Grazing is a disturbance that often leads to spatial heterogeneity of species composition, vegetation cover, and soil properties. Peng et al. (2015) investigated whether grazing would also affect plant genetic diversity in a natural grassland in Inner Mongolia, a question related to landscape genetics. They found that the genetic diversity of two dominant species (Stipa grandis and S. krylovii) varied under different grazing intensities: the highest genetic diversity was found under moderate grazing, whereas the lowest genetic diversity was associated with heavy grazing. Mowing and grazing are related but distinct ecological disturbances or land use practices.
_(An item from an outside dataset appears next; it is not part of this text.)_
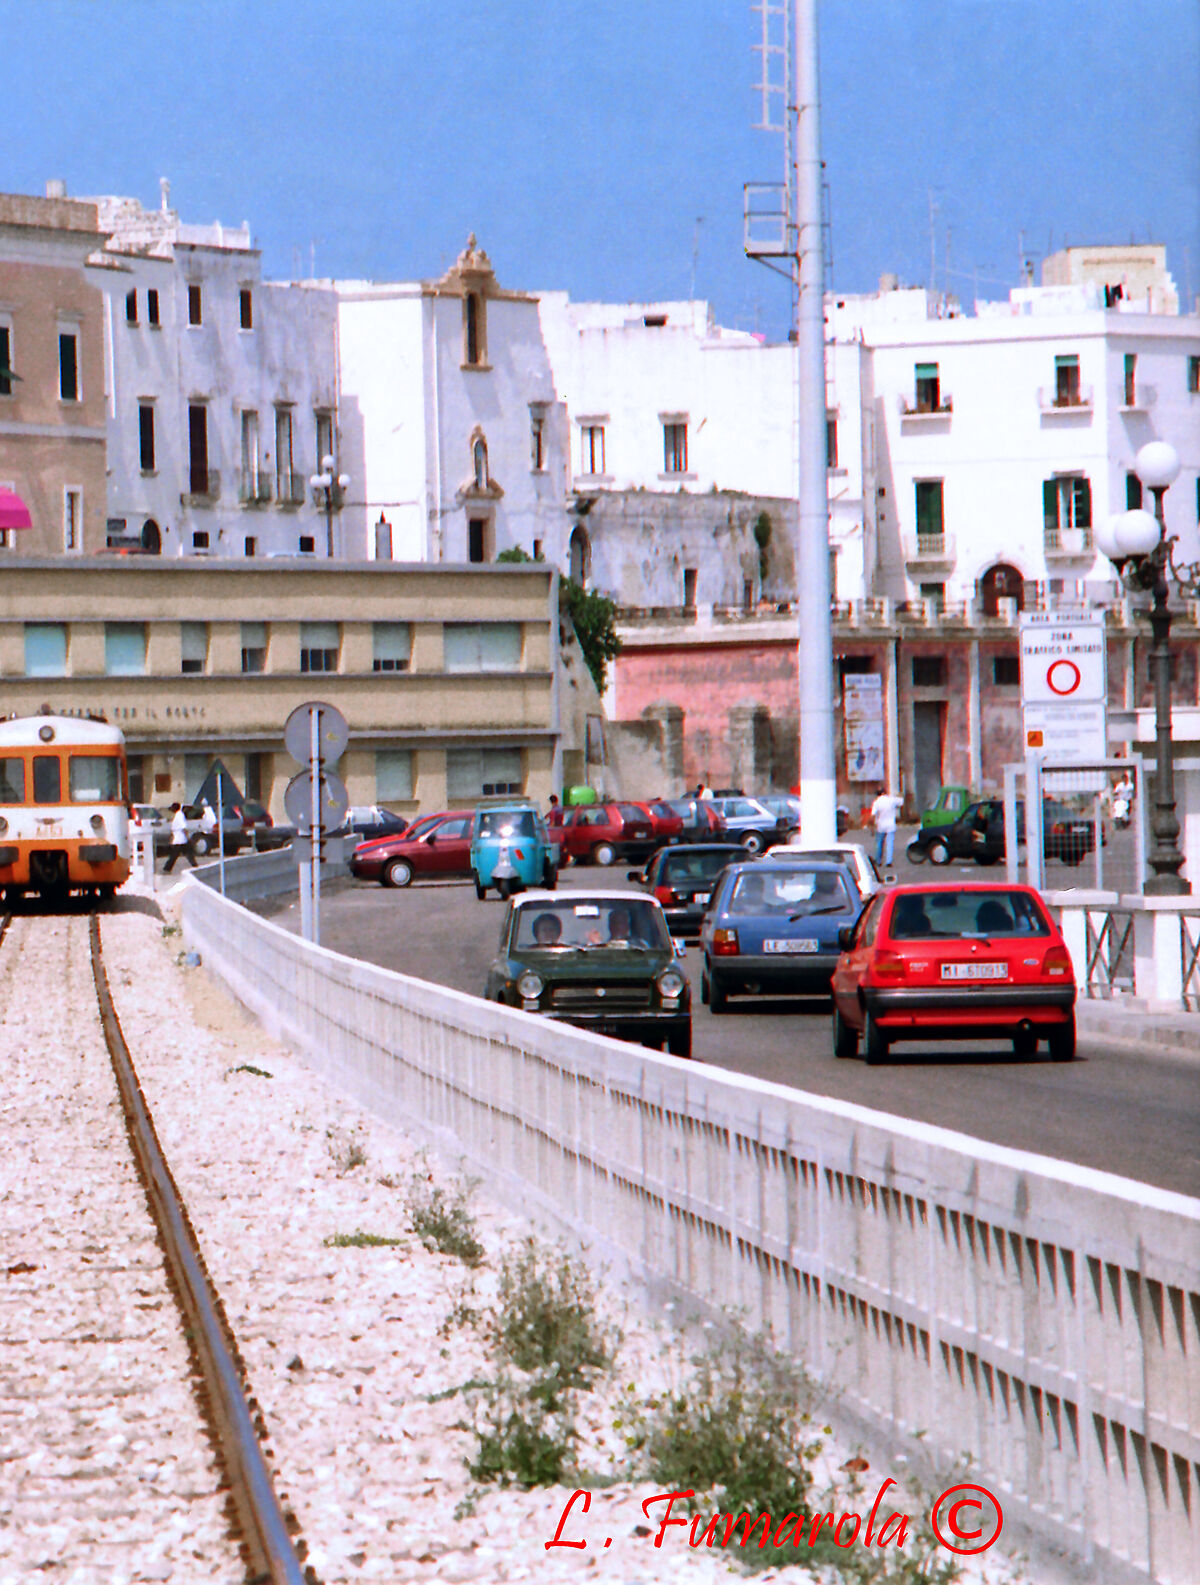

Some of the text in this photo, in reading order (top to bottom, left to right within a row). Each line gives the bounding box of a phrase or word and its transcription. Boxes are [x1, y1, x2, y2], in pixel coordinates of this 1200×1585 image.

[1051, 632, 1073, 641] ZONA
[1023, 644, 1102, 655] TRAFFICO LIMITATO
Based on monitoring data from a typical steppe over 30 years, Baoyin et al. (2015) found that the species composition of mowed grasslands was determined primarily by plant growth form (e.g., annuals, perennial bunchgrasses, perennial rhizome grasses, forbs, and shrubs and semi-shrubs). This result differs from the previous finding that plant community composition in mowed grasslands was influenced mainly by plant height and photosynthetic pathways, suggesting the importance of considering plant functional diversity in grassland management.